Expediting High‐Yield Mxene Carbides and Nitrides Synthesis for Next‐Generation 2D Materials

Abstract

AbstractThis research aims to enhance MXene (Ti3C2Tx) synthesis from MAX phases (Ti3AlC2) through a hydro‐solvothermal exfoliation process, with a focus on reducing time and temperature requirements. Prior hydrothermal studies have encountered challenges due to high reaction temperatures. In comparison to previous research, this work achieves superior results at lower temperatures. Two optimized MXene preparation routes are investigated and the etchant's impact on MXene surface chemistry is analyzed. Comprehensive X‐ray Diffraction (XRD), Scanning Electron Microscopy (SEM), Energy Dispersive X‐ray Spectroscopy (EDS), X‐ray Photoelectron Spectroscopy (XPS), Fourier transform infrared (FTIR), Raman spectroscopy, and Atomic Force Microscopy (AFM) analyses provide insights into hydrosolvothermal synthesis (H‐Ti3C2Tx ) multilayers(ML), confirming/challenging recent spectroscopic assignments.
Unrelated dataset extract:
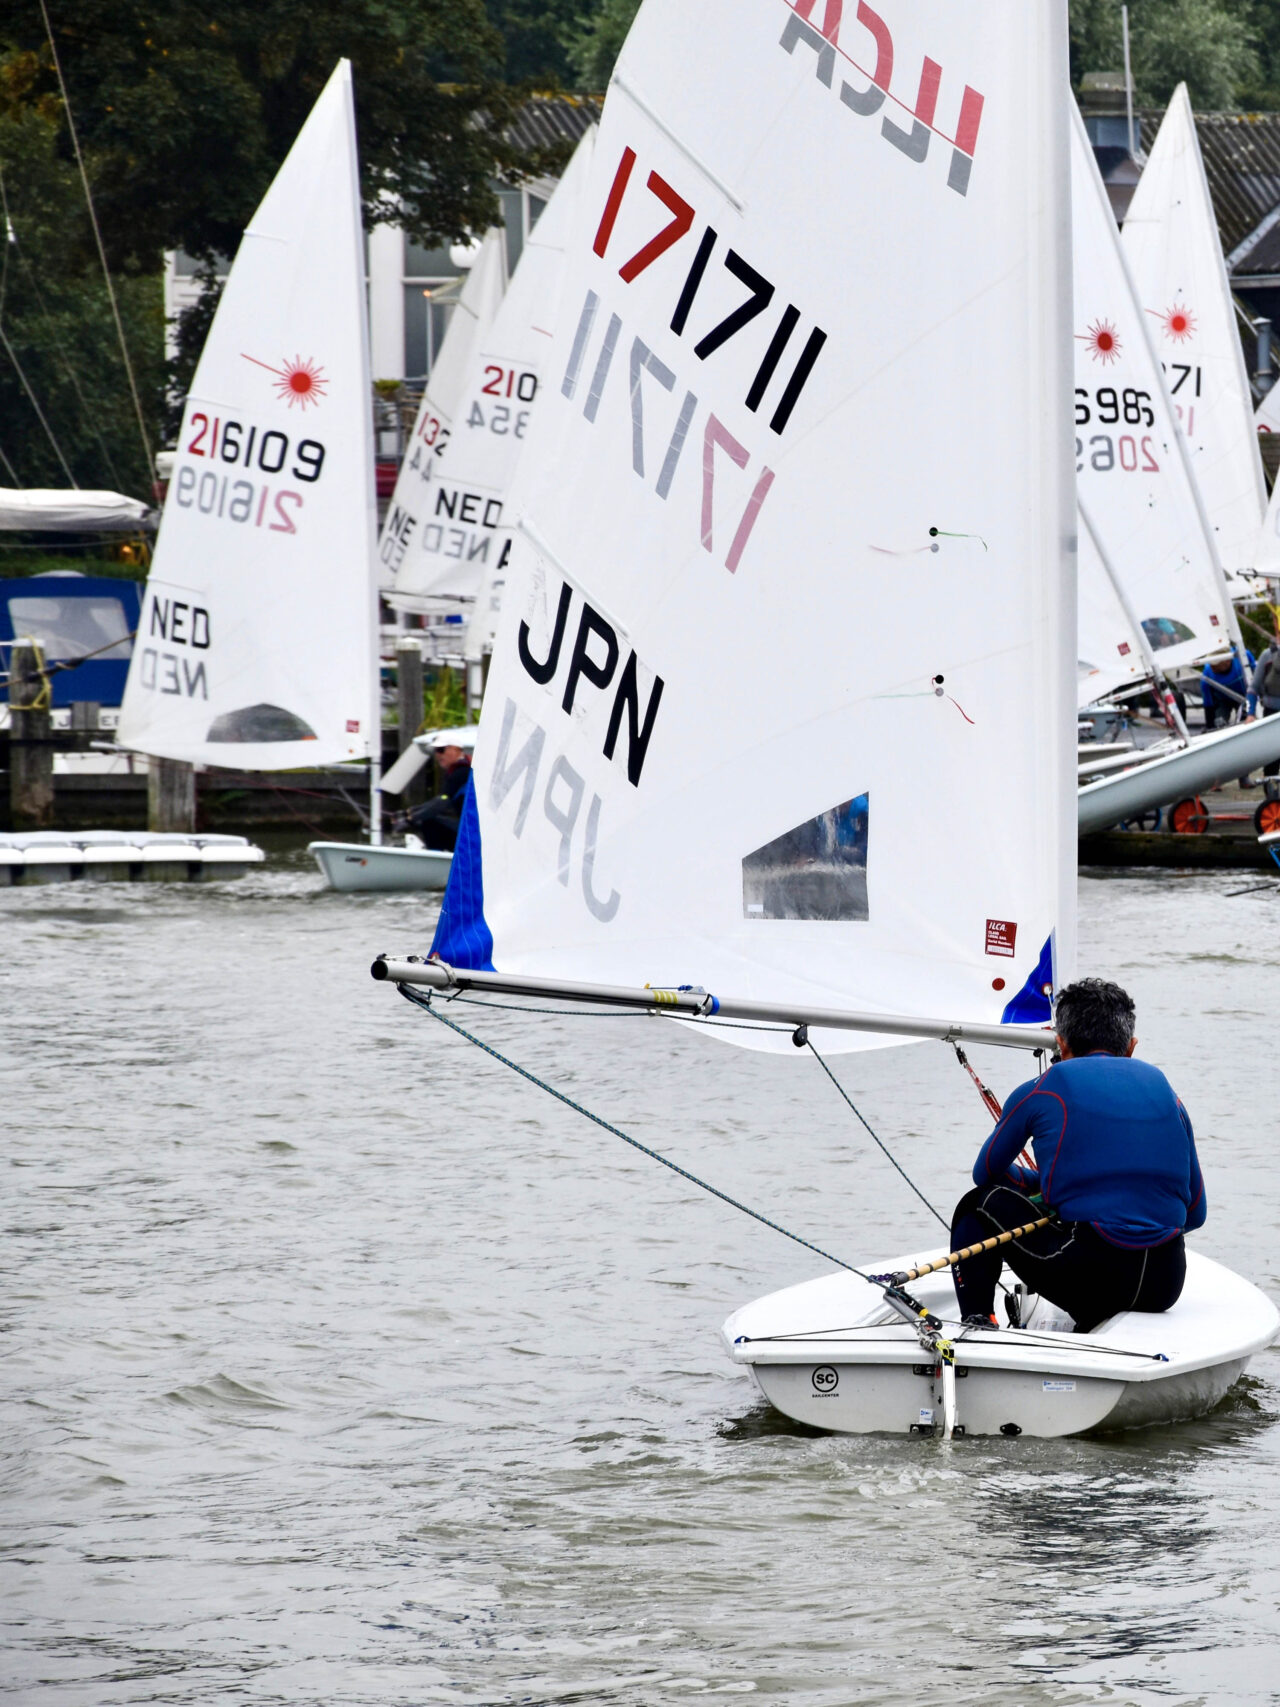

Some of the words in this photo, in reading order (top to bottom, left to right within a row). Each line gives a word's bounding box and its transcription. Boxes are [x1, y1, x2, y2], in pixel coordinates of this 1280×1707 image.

Remarkably, hydro‐solvothermal treatment induces significant changes in surface composition, increasing hydroxyl (─OH) groups without oxidation and reducing fluorine (─F) groups on the H‐ Ti3C2Tx surface. These study's results hold promise for applications in energy storage and electromagnetic wave shielding. This research accomplishes three main objectives: i) secures hydrothermal synthesis of two‐ dimensional (2D) MXenes, ii) efficiently utilizes lithium fluroide‐ hydrochloric acid (LiF−HCl) etching for high‐quality MXene flakes with minimal defects, and iii) understands hydro‐solvothermal kinetics. This approach advances MXene synthesis with enhanced material quality and production efficiency (>98%), in a more eco‐friendly and safer manner. This eco‐conscious synthesis underscores MXene's versatility and eco‐friendly methods' significance, reshaping MXene exploration and sustainable material synthesis, with potential implications for future electrochemical applications.